September 21, 2019

Wednesday's Daily Pulse

What you need to know about Florida today

| 5/22/2019

Evolution of Florida citrus growers: What it takes to stay in the embattled industry

Just 30 percent of the growers from 10 years ago are still fighting to stay in the industry. Some Florida citrus growers are finally starting to see an increase of orange production. Those who managed to stick around as the greening disease ravaged their groves have been experimenting with different variations of trees, expensive chemicals and fertilizers. [Source: WJCT]

See also:
» The state of Florida's citrus industry
» Florida citrus industry's battle with plant disease continues
» EPA proposes increasing use of antibiotic to fight citrus bacteria

Florida utilities can use federal tax savings for storm costs

Two Florida utilities can use savings from the federal tax overhaul to cover restoration costs after recent hurricanes, without raising customers’ electric bills, a state commission said.
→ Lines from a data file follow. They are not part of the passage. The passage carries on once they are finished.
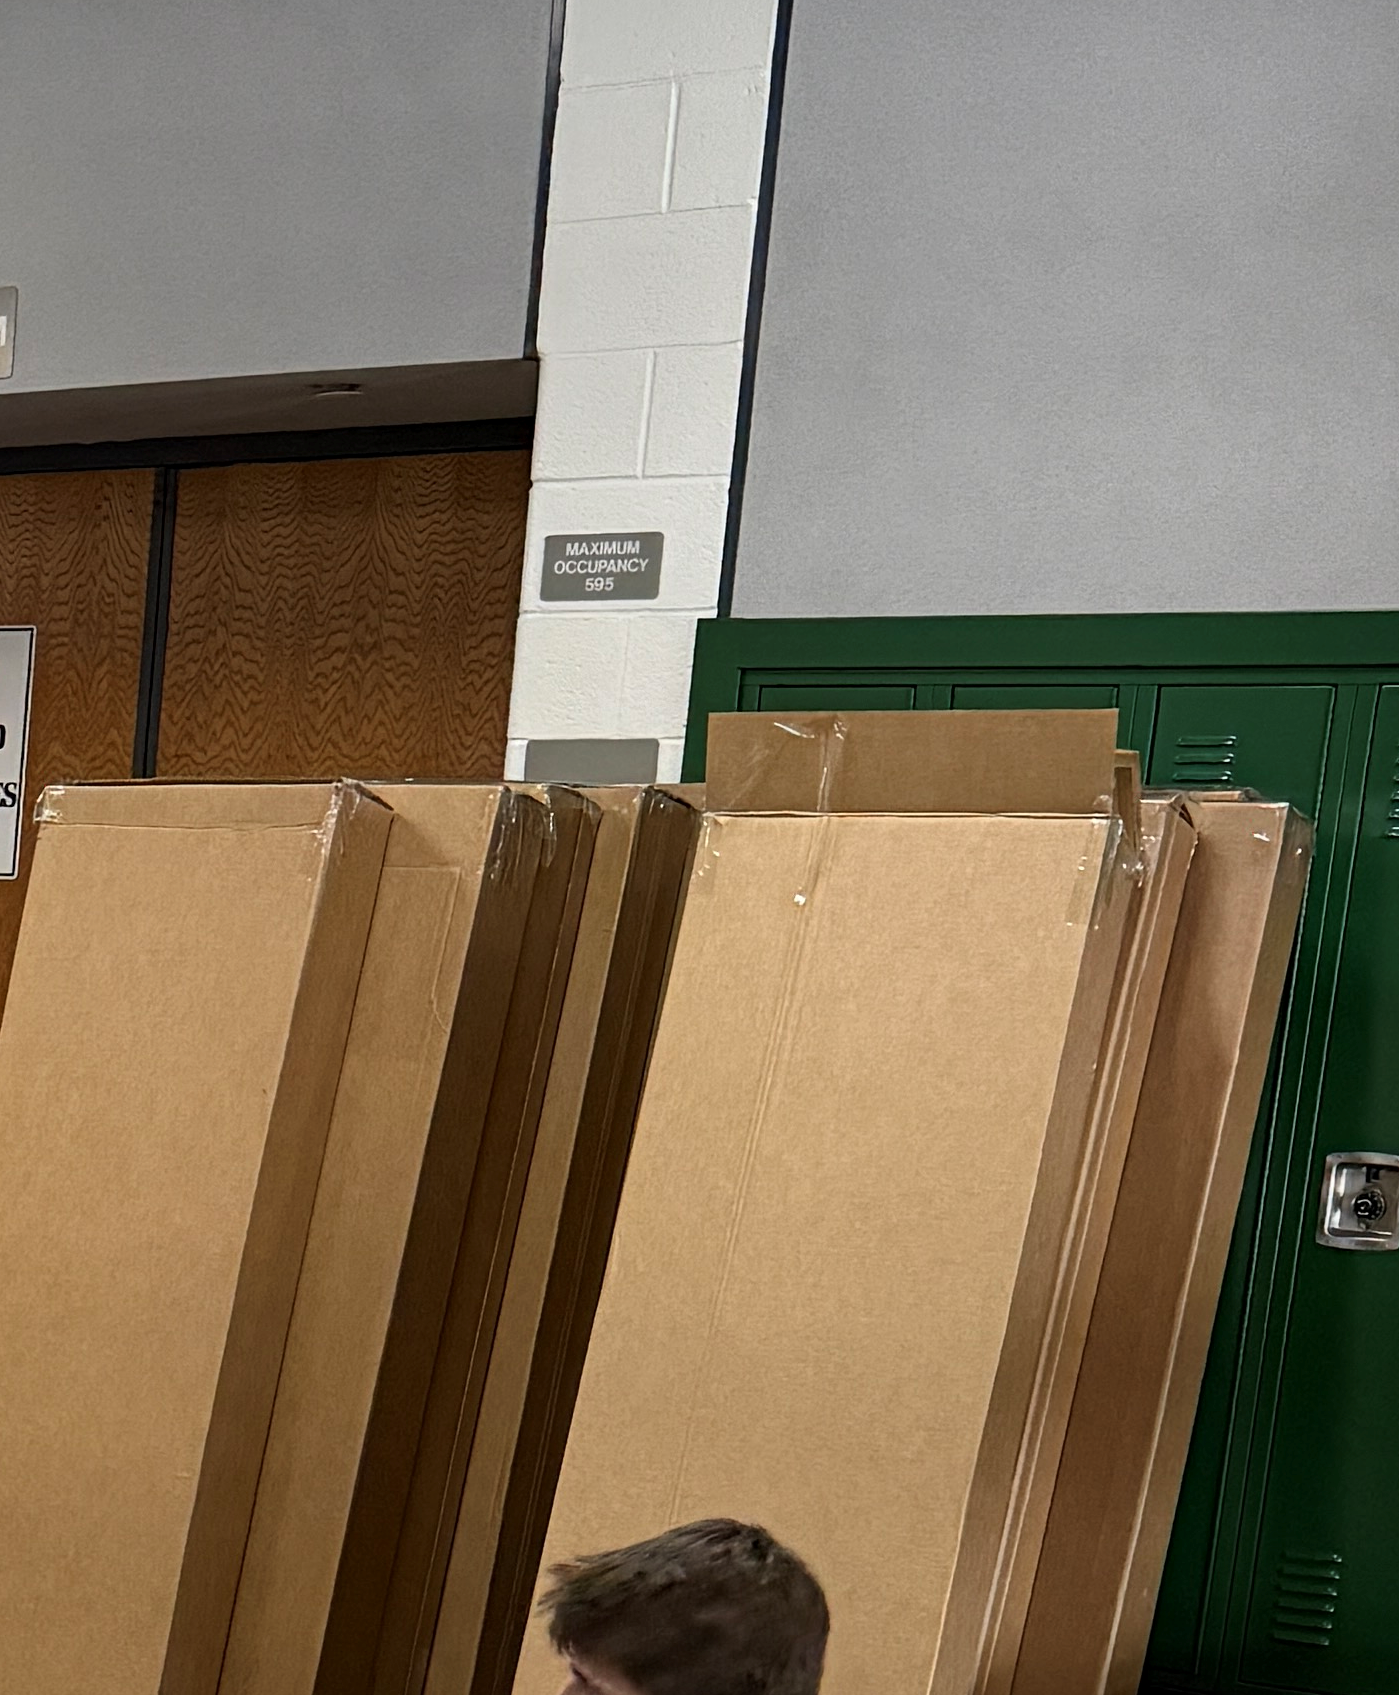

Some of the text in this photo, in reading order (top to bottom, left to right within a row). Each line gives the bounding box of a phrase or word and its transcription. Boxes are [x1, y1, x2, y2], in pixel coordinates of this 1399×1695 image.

[565, 540, 640, 556] MAXIMUM
[553, 558, 649, 574] OCCUPANCY
[584, 577, 614, 591] 595
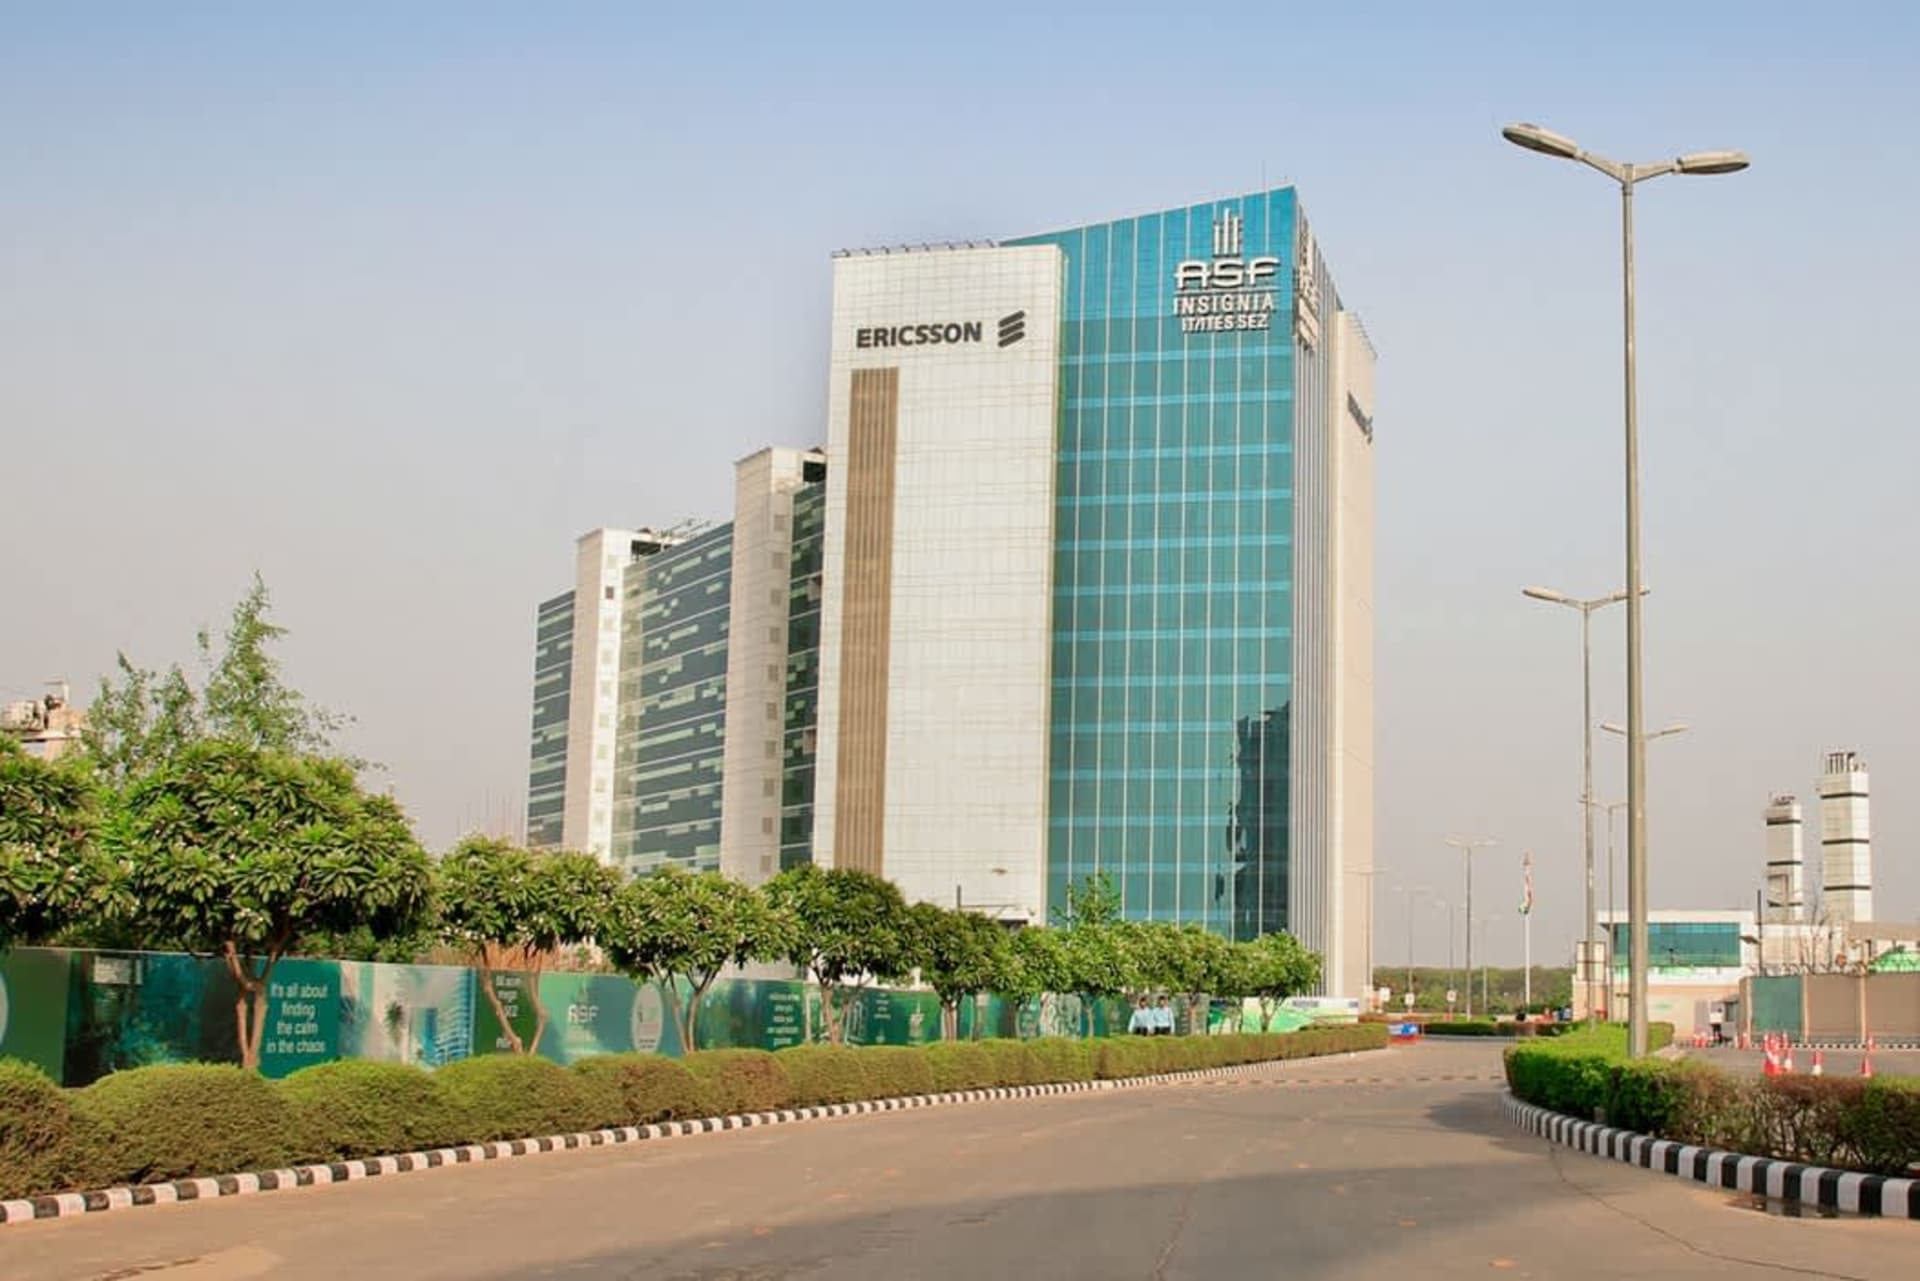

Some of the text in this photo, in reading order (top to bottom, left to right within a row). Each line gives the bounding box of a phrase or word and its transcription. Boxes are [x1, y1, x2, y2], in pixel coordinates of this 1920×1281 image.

[1173, 256, 1281, 290] ASF
[1172, 293, 1276, 316] INSIGNIA
[1237, 313, 1269, 330] SEZ
[856, 322, 982, 348] ERICSSON
[286, 983, 299, 998] all
[300, 983, 328, 998] about
[281, 1001, 316, 1020] finding
[277, 1020, 319, 1035] the calm
[266, 1039, 277, 1053] in
[278, 1039, 294, 1054] the
The Florida Public Service Commission on May 21 approved settlement agreements for Duke Energy Florida LLC and Tampa Electric Co. to lower storm restoration costs and standardize their processes for future storm restoration efforts. More from Bloomberg and Bay News 9.

Questions raised over Florida Cabinet meeting in Israel

Republican Florida Gov. Ron DeSantis is going to Israel with a large contingent of business leaders — not surprisingly, especially as the GOP woos Jewish voters ahead of the 2020 presidential election. But DeSantis’s plan to hold a meeting with his elected Cabinet while he’s there has raised concerns about whether officials are violating the state’s open-meeting laws. More from the AP and the Times of Israel.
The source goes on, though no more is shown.